(Dataset entries)
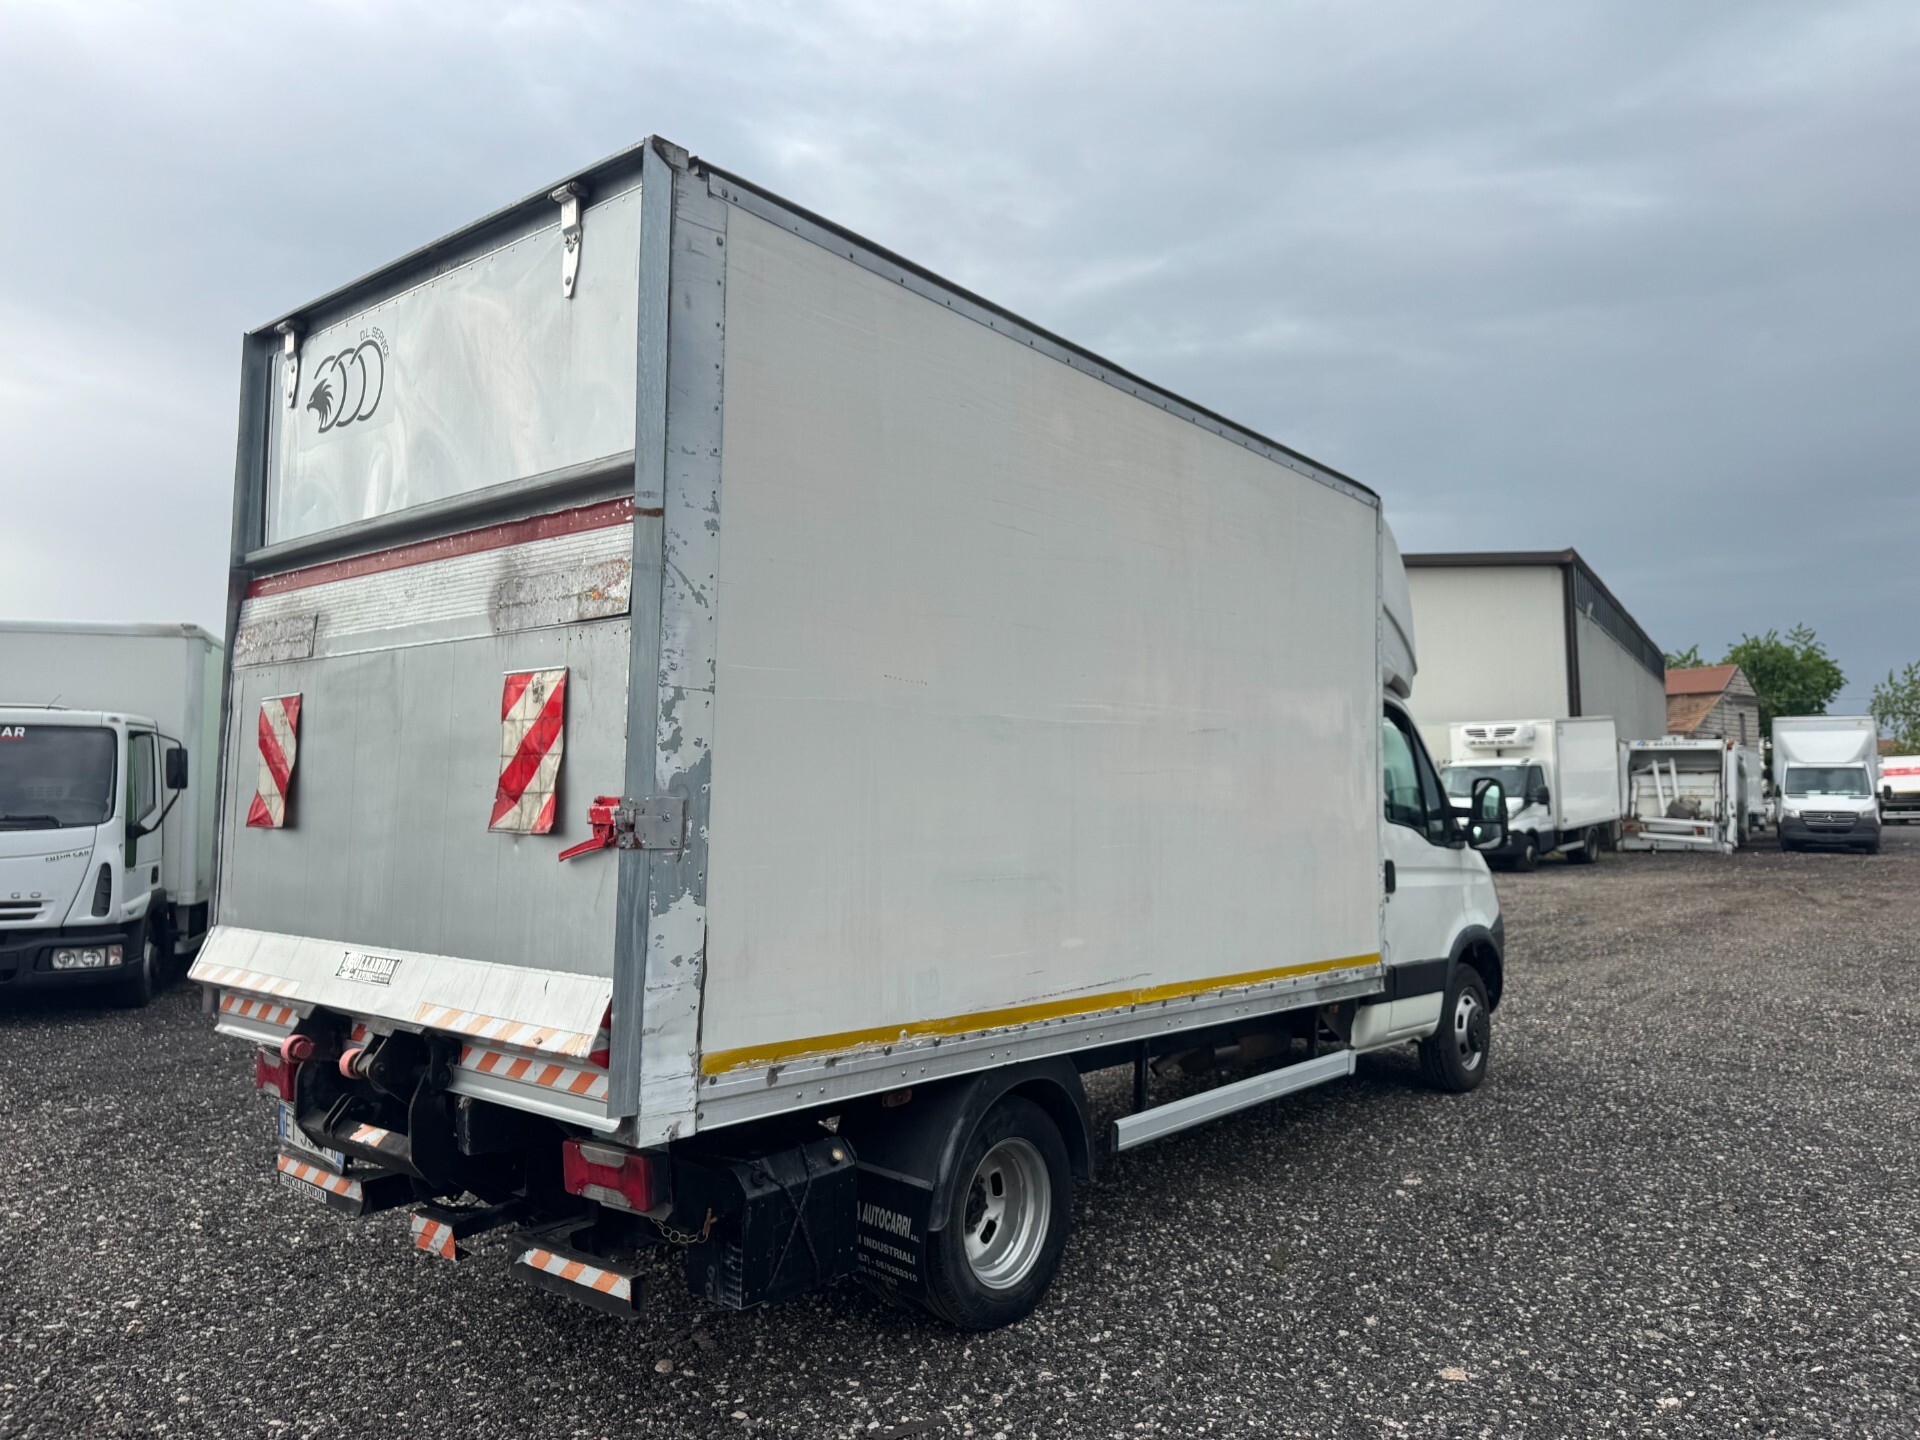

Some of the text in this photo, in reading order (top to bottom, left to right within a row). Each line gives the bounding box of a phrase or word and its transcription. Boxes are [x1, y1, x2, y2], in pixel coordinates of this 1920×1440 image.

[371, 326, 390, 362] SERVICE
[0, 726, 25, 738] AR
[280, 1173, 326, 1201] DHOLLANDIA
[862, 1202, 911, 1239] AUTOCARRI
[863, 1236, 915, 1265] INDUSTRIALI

ASSIGNED TASK >>
Please retype the data exactly as it appears, but without any of its pictures.

OUTPUT OF THE TASK >>
Some of the text in this photo, in reading order (top to bottom, left to right within a row). Each line gives the bounding box of a phrase or word and its transcription. Boxes are [x1, y1, x2, y2], in pixel coordinates of this 1920×1440 image.

[371, 326, 390, 362] SERVICE
[0, 726, 25, 738] AR
[280, 1173, 326, 1201] DHOLLANDIA
[862, 1202, 911, 1239] AUTOCARRI
[863, 1236, 915, 1265] INDUSTRIALI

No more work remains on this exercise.